Task requirements ▸
Reproduction without pictures: print every entry precisely as written.

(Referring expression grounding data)
[Start of section]
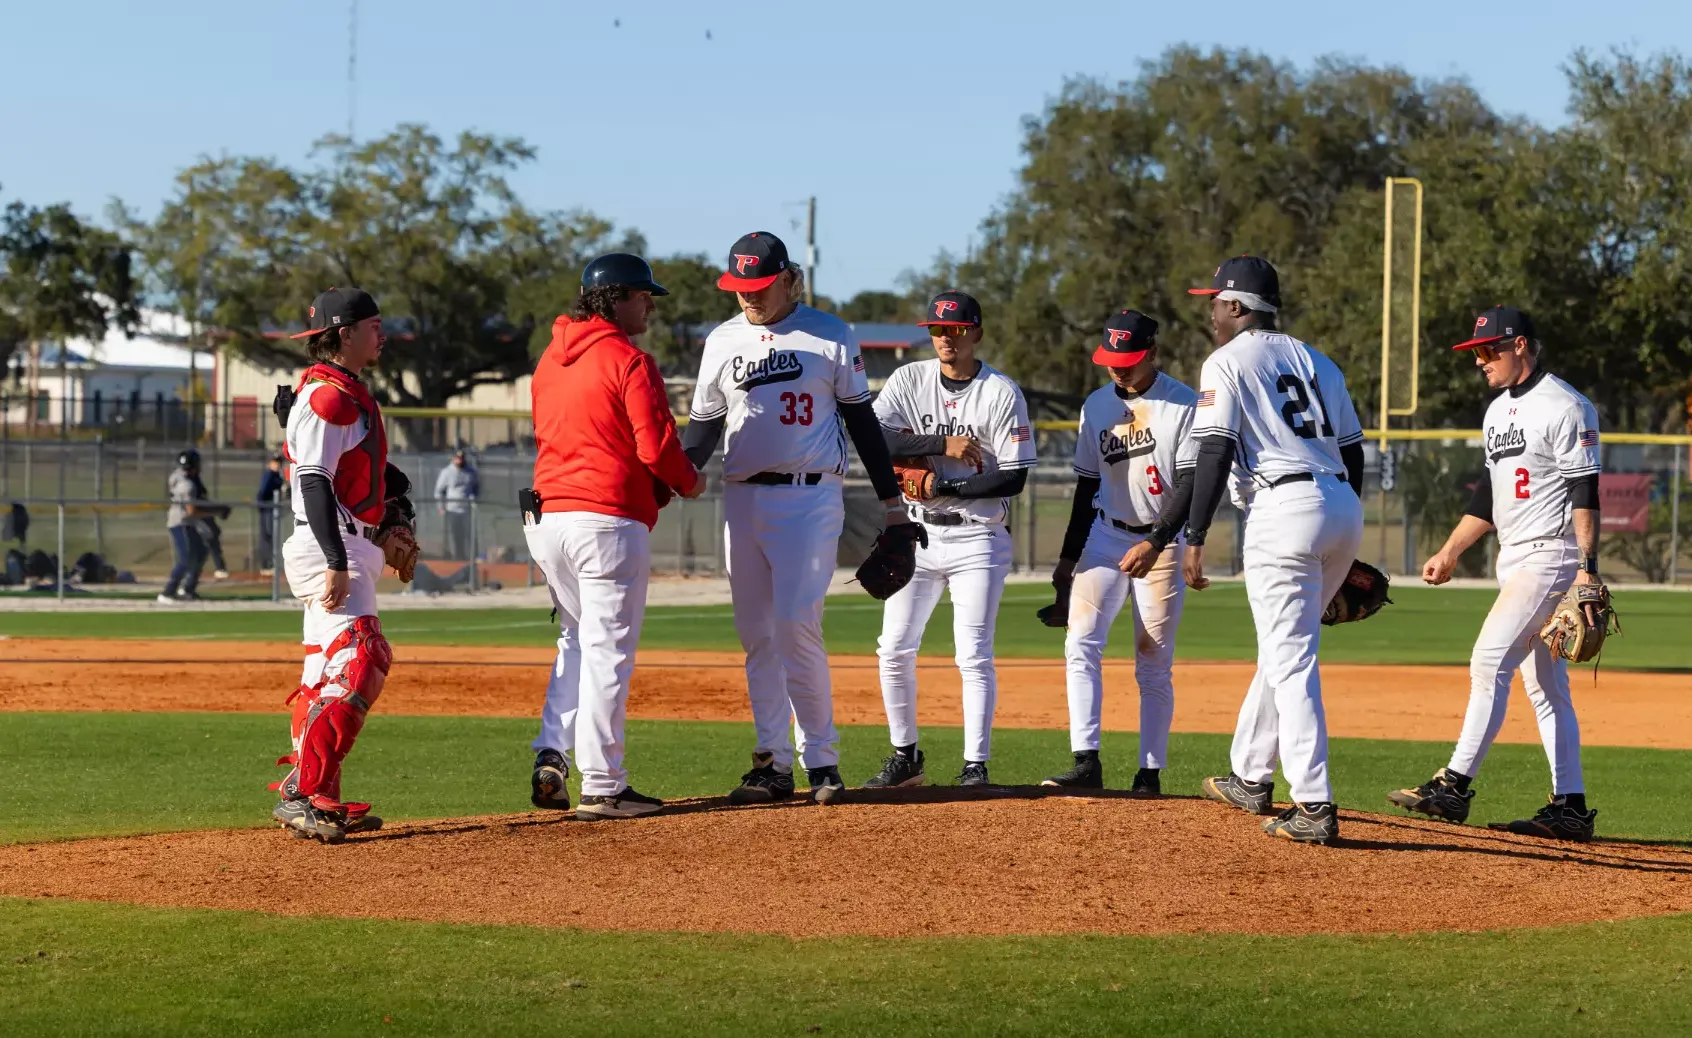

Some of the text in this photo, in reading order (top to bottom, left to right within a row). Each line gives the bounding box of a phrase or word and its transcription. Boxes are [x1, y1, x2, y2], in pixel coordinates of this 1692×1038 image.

[733, 253, 760, 275] P
[934, 300, 959, 319] P
[1107, 328, 1132, 349] P
[733, 348, 801, 383] Eagles
[779, 391, 813, 426] 33
[1276, 373, 1335, 440] 21
[1099, 424, 1155, 455] Eagles
[1487, 422, 1526, 457] Eagles
[1146, 465, 1164, 496] 3
[1515, 467, 1530, 499] 2
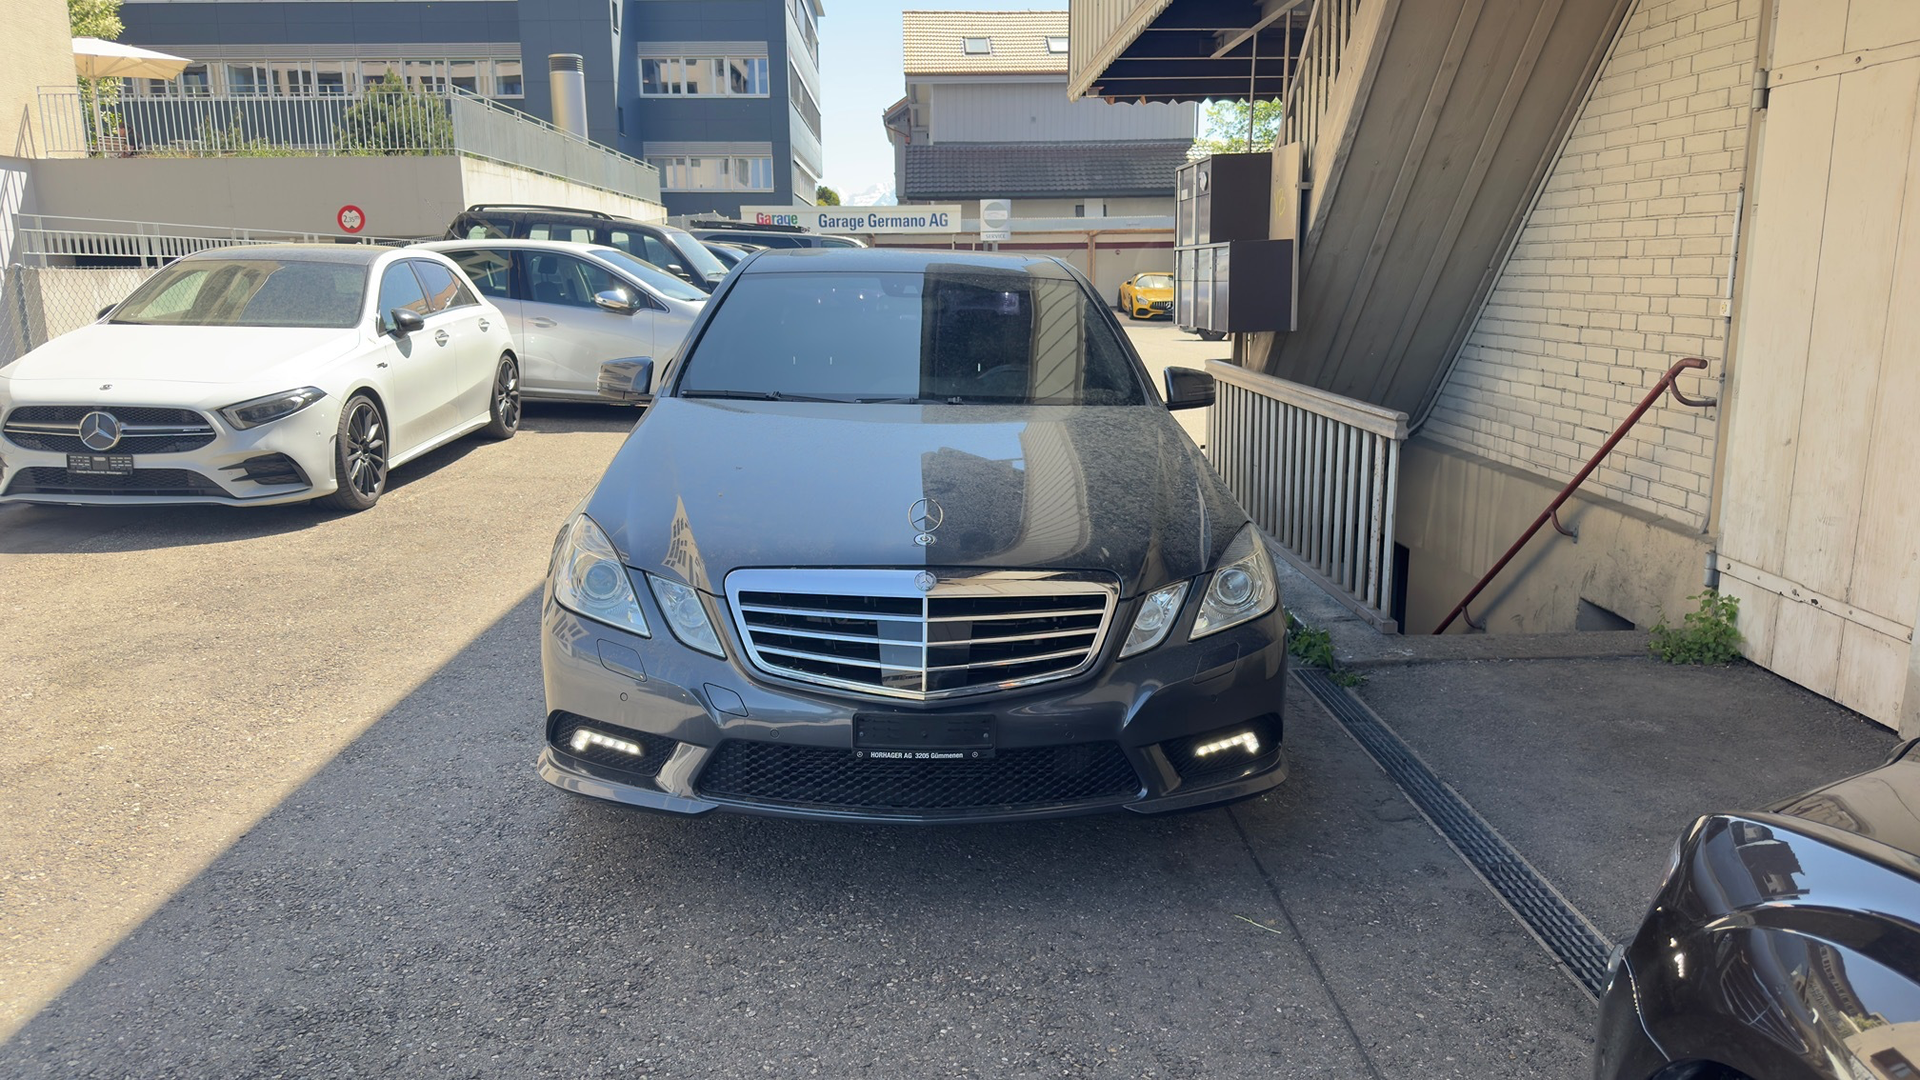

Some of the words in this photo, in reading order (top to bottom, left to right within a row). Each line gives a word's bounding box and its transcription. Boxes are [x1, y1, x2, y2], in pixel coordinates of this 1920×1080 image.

[756, 212, 798, 226] Garage
[818, 213, 864, 231] Garage
[868, 213, 926, 228] Germano
[929, 213, 949, 227] AG
[870, 751, 903, 759] HORHAGER
[930, 751, 964, 759] Gümmenen
[End of section]
Reply ▸
Some of the text in this photo, in reading order (top to bottom, left to right within a row). Each line gives the bounding box of a phrase or word and its transcription. Boxes are [x1, y1, x2, y2], in pixel coordinates of this 1692×1038 image.

[733, 253, 760, 275] P
[934, 300, 959, 319] P
[1107, 328, 1132, 349] P
[733, 348, 801, 383] Eagles
[779, 391, 813, 426] 33
[1276, 373, 1335, 440] 21
[1099, 424, 1155, 455] Eagles
[1487, 422, 1526, 457] Eagles
[1146, 465, 1164, 496] 3
[1515, 467, 1530, 499] 2

Some of the words in this photo, in reading order (top to bottom, left to right within a row). Each line gives a word's bounding box and its transcription. Boxes are [x1, y1, x2, y2], in pixel coordinates of this 1920×1080 image.

[756, 212, 798, 226] Garage
[818, 213, 864, 231] Garage
[868, 213, 926, 228] Germano
[929, 213, 949, 227] AG
[870, 751, 903, 759] HORHAGER
[930, 751, 964, 759] Gümmenen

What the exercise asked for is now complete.